It’s possible that the man who owned the boat was not the same man who sailed in and fished from it every day. Around the middle of the 1100’s, Sjælland was dominated by some few dynasties, which owned the majority of the land. Hvideslægten (the White Dynasty), to whom the later king Valdemar the Great had close connections, owned around 1,500 farms on Sjælland during the Gislinge Boat’s time. They were especially well represented in western Sjælland. This system of ownership can perhaps go some way to explaining how a farm can have had the resources to acquire a boat as well built and relatively large as the Gislinge Boat.

This is no average workboat. At this point in the early Middle Ages, the most common type of vessel on Denmark’s inland waterways were expanded log boats, which had a length of up to 5m. Made from hollowed out tree trunks and braced with transverse frames, the addition of an extra plank in each side raised the height of the boat, making it more seaworthy giving it an increased cargo capacity. Expanded logboats constitute 70% of all boat finds from this era. That type is boat is propelled using oars. Not everybody therefore had the resources to make a 7.7m long clinker built boat, with three pairs of oars and a square sail 10m2 in size. The Gislinge Boat is so finely built with so many details and of such a high quality, that it seems more likely to have been built at a professional boatyard.


A product of the Lammefjord

There’s not much visible today to suggest where the name of the village of Gislinge originated. However, 150 years ago, Gislinge lay on the southern side of the Lammefjord in northern Sjælland. It had already been settled by the Viking Age. The ‘inge’ ending indicates that the settlement may have already been established during the Iron Age. The first part of the placename most likely has its origins in the old word ‘gisel’, which means stave – in this instance, stave in a geographical context, as in a branch, peninsula or headland extending out into the water. The Lammefjord extended much further in land at this time. Odsherred, north of the fjord, was connected to the rest of Sjælland by a small peninsula, which was just 1.5km wide at the narrowest point at Vindekilde. During the second half of the 1800s, the reclamation of the Lammefjord had begun. This was done to increase the available agricultural land after the loss of one third of Denmark’s farmlands after the defeat in the war of 1864. 
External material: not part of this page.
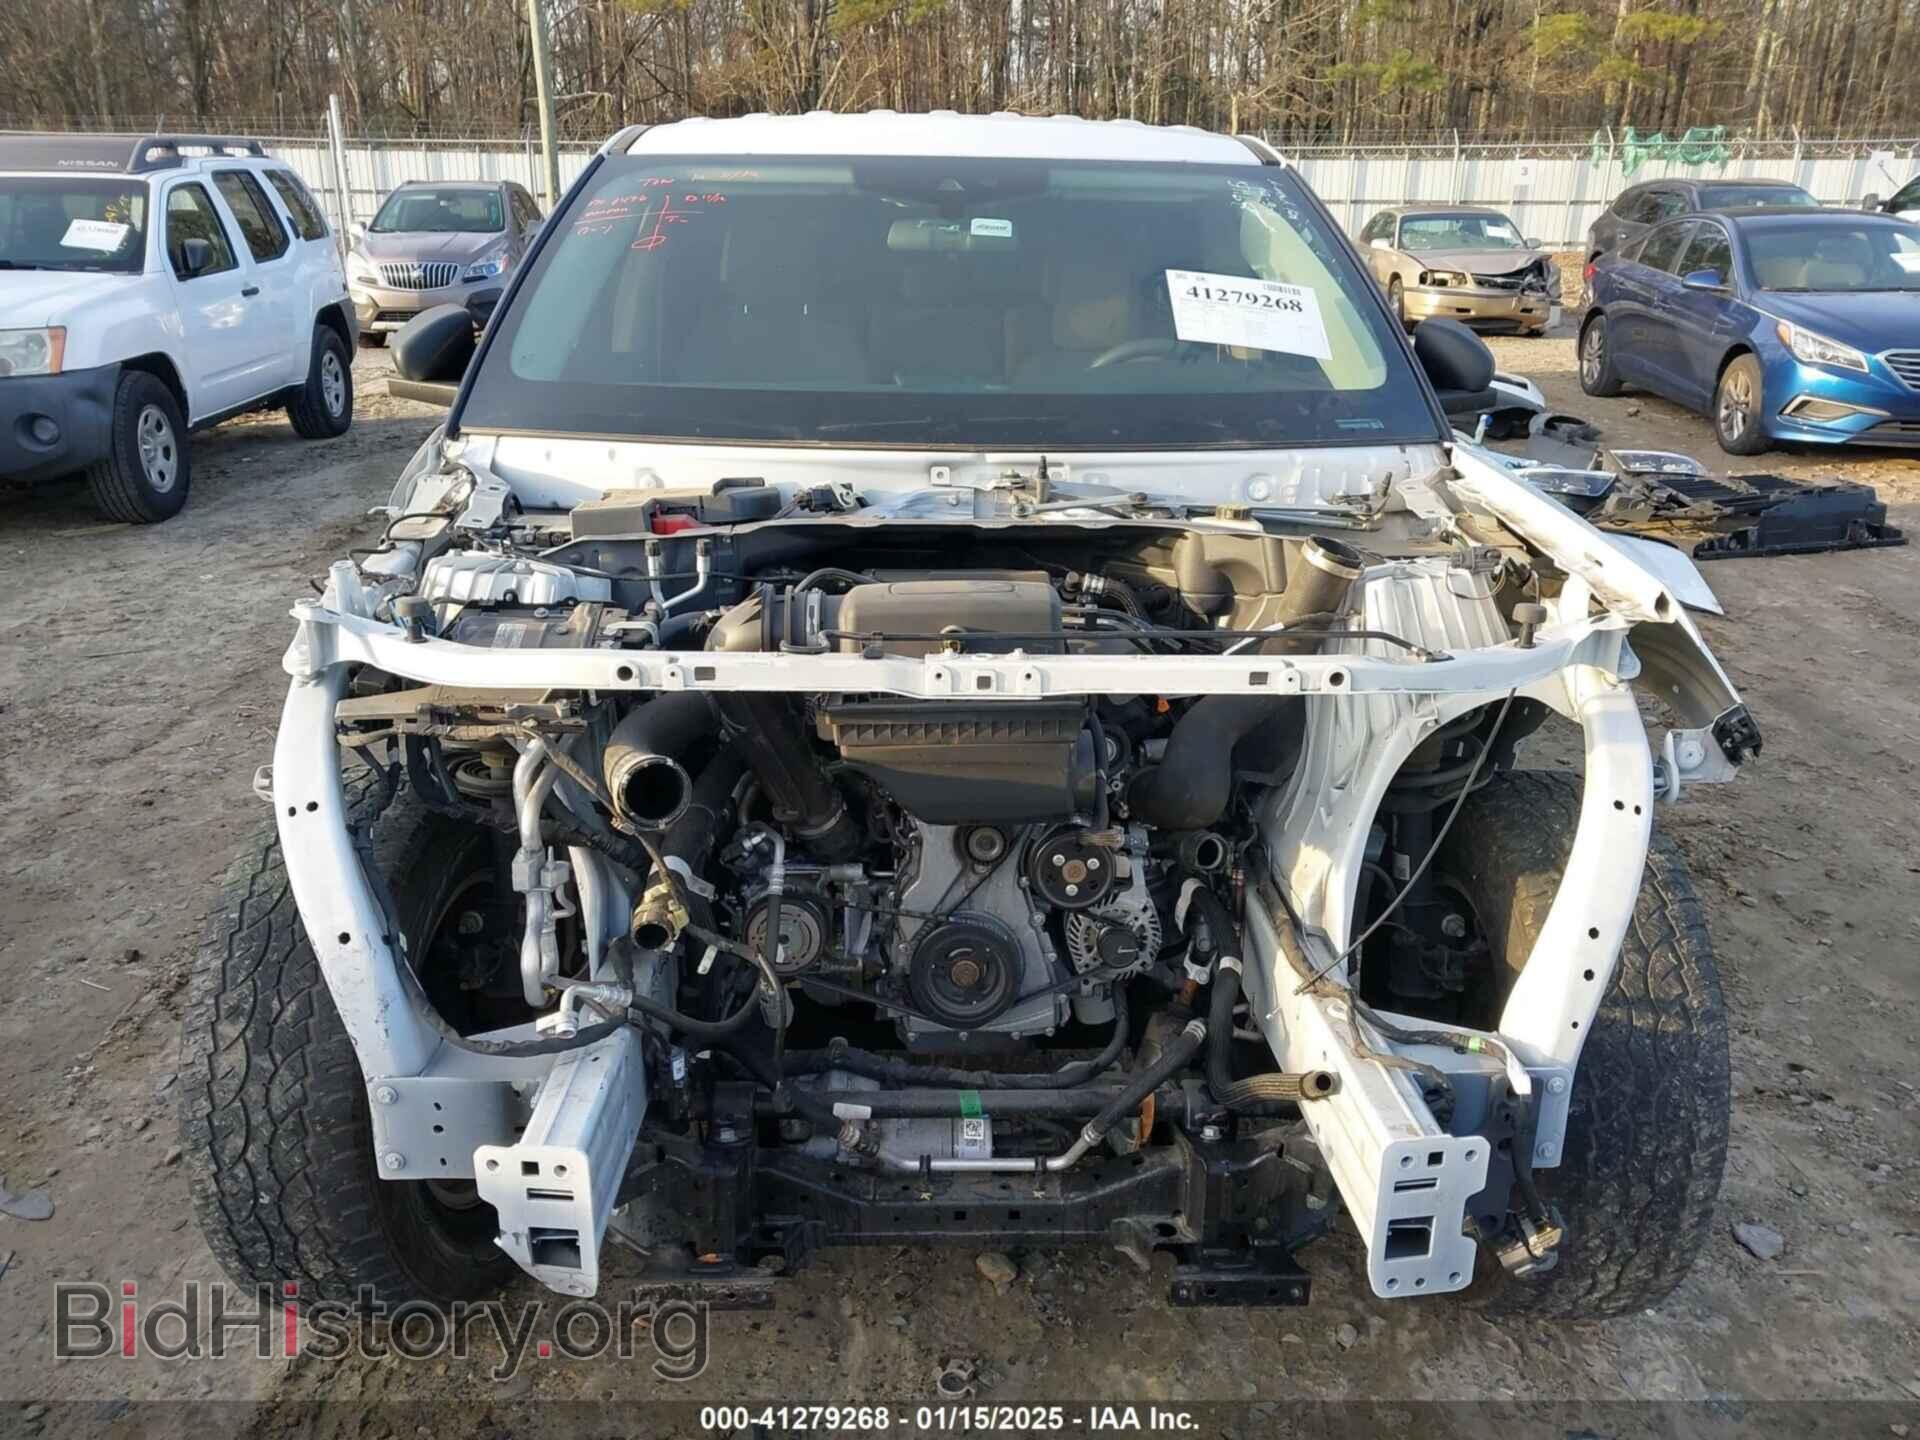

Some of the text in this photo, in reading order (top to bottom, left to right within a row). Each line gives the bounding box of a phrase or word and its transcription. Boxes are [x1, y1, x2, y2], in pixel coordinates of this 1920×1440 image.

Before the reclamation of the Lammefjord, it was an extremely shallow fjord, just 7 – 8m meters at the deepest point. For centuries, the fjord has been a popular area to settle, where fishing in the calm waters was the mainstay of the diet of the people living around the fjord. A boat like the Gislinge Boat, with its shallow draft of just 25-30cm would have been the perfect boat for navigating the shallow waters. The boat could hold up to one tonne, or ca. four men and ten sheep, plus gear. With its relatively high cargo capacity, it would have transported considerable amounts of goods around the inner straits and delivered grain, wool, dried fish and meat, lime bast rope, furs and all the other products that were made on farms 900 years ago. 


Not a bed of roses…

The Gislinge Boat’s era was violent and unstable. The boat was most likely built around 1130 at the end of a relatively peaceful period in Danish medieval history, during the reign of King Niels (1104 – 1134). One year later, Erik Elegod’s son, Knud Lavard, was murdered in Haraldsted and his murder marked the beginning of a twenty-five year period of near civil war in Denmark. Along the coasts, the Vendish clans of Northern Germany took advantage of the weakened royal power to rob and plunder the population. On Lolland, they even established settlements, which can be seen in the placename ending ‘itze’, for example, Kramnitze. However, the inner fjords of Sjælland, including the Lammefjord, remained relatively safe, perhaps due to the narrow entry into the fjord between Hundested and Rørvig.

The shallow straits also made navigation difficult for larger ships without local knowledge. Still, settlements patterns indicate that most settlements from that time were often located at a good distance away from the water, even up to 1km away, as was also the case around the Lammefjord. The Vendels continued to be a threat to safety along the Danish coasts until Valdemar the Great emerges victorious from the contest for the crown with Svend Grathe and Knud 5th in 1157. Valdemar quickly proves to be a clever king and manages to unite the kingdom. As early as 1159, he had managed to gather the levy fleet to sail against the Vendels. The raids continue in the proceeding years and culminate with the capture of the fort at Arkona on Rügen in 1169. 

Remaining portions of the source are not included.